Winners of the 2015 Tar Wars Challenge are recognized at the annual National Conference in Kansas City, Mo.
The resources include revised PowerPoint slides(9 MB PPT), a handout(156 KB PDF) for kids to take home to share with their parents, and a Tar Wars in the Doctor's Office word search game(2 page PDF) intended to educate students and their families about the harmful effects of tobacco use.
Tar Wars is designed to teach fourth- and fifth-graders about the short-term health effects of tobacco use and show them images of the consequences of smoking. The program also
- illustrates the financial impact of using tobacco and ways money could be better spent;
- identifies reasons why people use tobacco; and
- explains how tobacco advertising, tobacco use in movies and other industry marketing activities focus on making these products appealing to youth.
- Tar Wars, the tobacco-free education program for fourth- and fifth-grade students, has updated its resources for those interested in presenting the curriculum in their community.
- The resources include revised PowerPoint slides, a handout for kids to take home to share with their parents, and a Tar Wars in the Doctor's Office word search game intended to educate students and their families about the harmful effects of tobacco use.
- The application period for the 2016 Tar Wars Challenge is now open to medical students who presented Tar Wars to the most children and communities, with the opportunity to win as much as $500 for their family medicine interest groups.
Created in 1988 by former AAFP President Jeff Cain, M.D., of Denver, and health educator Glenna Pember, P.A., of the Hall of Life, a division of the (then) Denver Museum of Natural History, the program has reached more than 10 million children worldwide. Tar Wars is supported, in part, by the AAFP Foundation.(www.aafpfoundation.org)
Tar Wars Advisers' Recommendations
Three family physicians who act as advisers to the Tar Wars program offered their views on what they think are the most valuable resources the program provides presenters.
Sarah Mullins, M.D., of Wilmington, Del., told AAFP News that the Tar Wars PowerPoint presentation has been very useful in teaching children about tobacco use, because it provides up-to-date information on hot topics such as electronic cigarettes and other tobacco products that are marketed to children.
"Spending time in the classroom shows the dedication that family physicians have to improving health across the entire lifespan," she said. "Our local tobacco-free advocates describe tobacco as a childhood disease with adult complications."
For family physicians who are considering presenting Tar Wars for the first time, Mullins said not to discount the fact that the experience is pretty fun for the presenter, too.
"It brings back the silliness of being in fourth grade into our lives, while delivering an important message," she said.
Saria Carter Saccocio, M.D., of Simpsonville, S.C., told AAFP News the Tar Wars Program Guide(www.tarwars.org) is her go-to resource when preparing to present to fourth- and fifth-graders.

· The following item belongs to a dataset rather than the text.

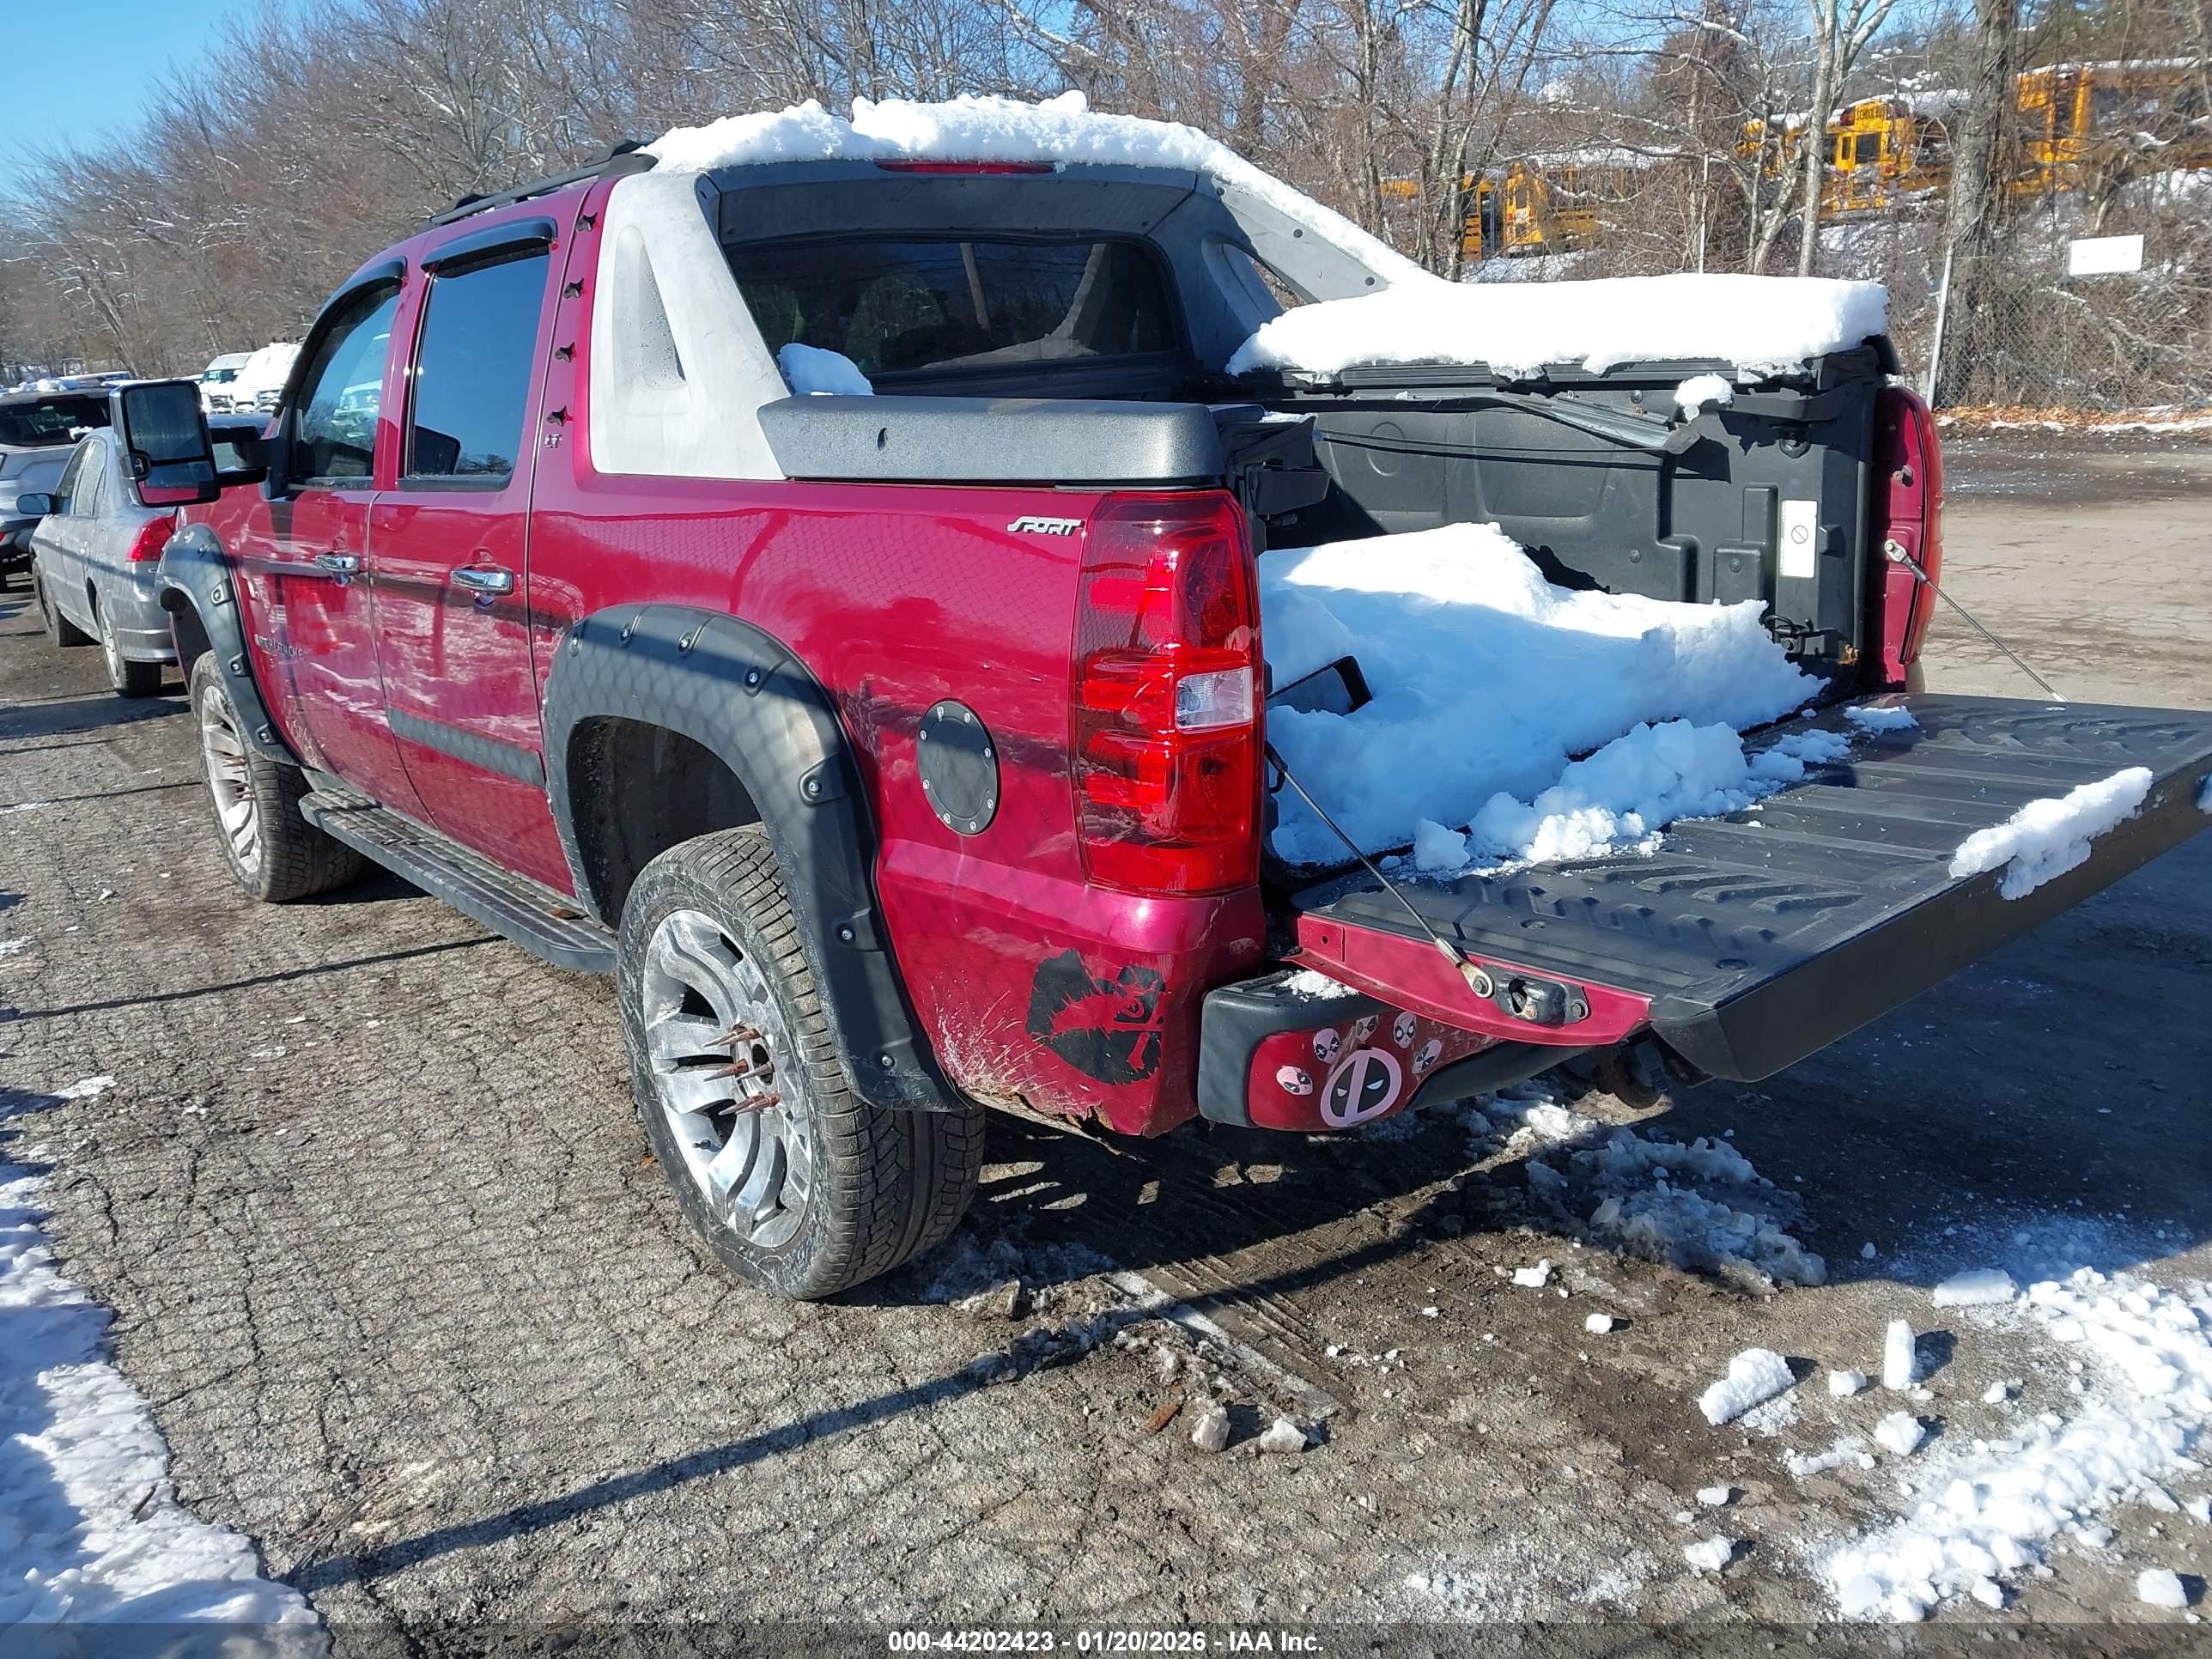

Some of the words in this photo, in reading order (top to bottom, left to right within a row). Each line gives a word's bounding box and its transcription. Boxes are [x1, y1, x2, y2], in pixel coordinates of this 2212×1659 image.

[1856, 107, 1875, 120] SCHOOL
[544, 433, 560, 448] LT
[1007, 515, 1082, 536] SPORT

"I especially like that there are 14 different activities to choose from based on the demographics of the community classroom," she said. "For example, other nicotine products such as electronic cigarettes and hookahs are becoming more popular than cigarettes."
Saccocio said teachers deeply appreciate those who present Tar Wars in local schools, and the level of engagement from the kids is energizing. For her, it's another reminder that family physicians are essential in their roles as leaders in the health of the public.
Ada Stewart, M.D., R.Ph., of Columbia, S.C., told AAFP News that she finds the Tar Wars in the Doctor's Office word search game to be an especially valuable resource to reach young patients in the office and help them choose not to smoke.
"(Family physicians) say they are able to answer questions and start the conversation there in the office," she said.
Stewart said family physicians also recognize that tobacco and smoking is a public health issue that impacts the entire family.
"We see the impact daily -- diagnoses of cancer, respiratory diseases in kids of parents that smoke," she said. "This is a perfect way to improve the health of our communities by presenting the Tar Wars message."
Apply Now for 2016 Tar Wars Challenge
Turns out, medical students have a unique incentive to present the Tar Wars curriculum: Each year, students who present Tar Wars to the most children and communities have a chance to win as much as $500 for their family medicine interest groups (FMIGs).
Tar Wars will bestow three awards to the FMIGs with the most outstanding community service efforts involving presentation of the program.
- First prize: $500
- Second prize: $300
- Third prize: $200
To be eligible, medical students must present the Tar Wars program between Sept. 1, 2015, and April 1, 2016.
To apply for the award, a medical student, faculty or staff member must complete and submit the AAFP Tar Wars Feedback Form for Presenters by April 1.
When filling out the form, applicants should select "yes" when asked if they are participating in the FMIG awards program (Tar Wars Challenge). Applicants will be asked to provide information about their medical school, FMIG, faculty adviser, presentation dates and locations, and medical student participation.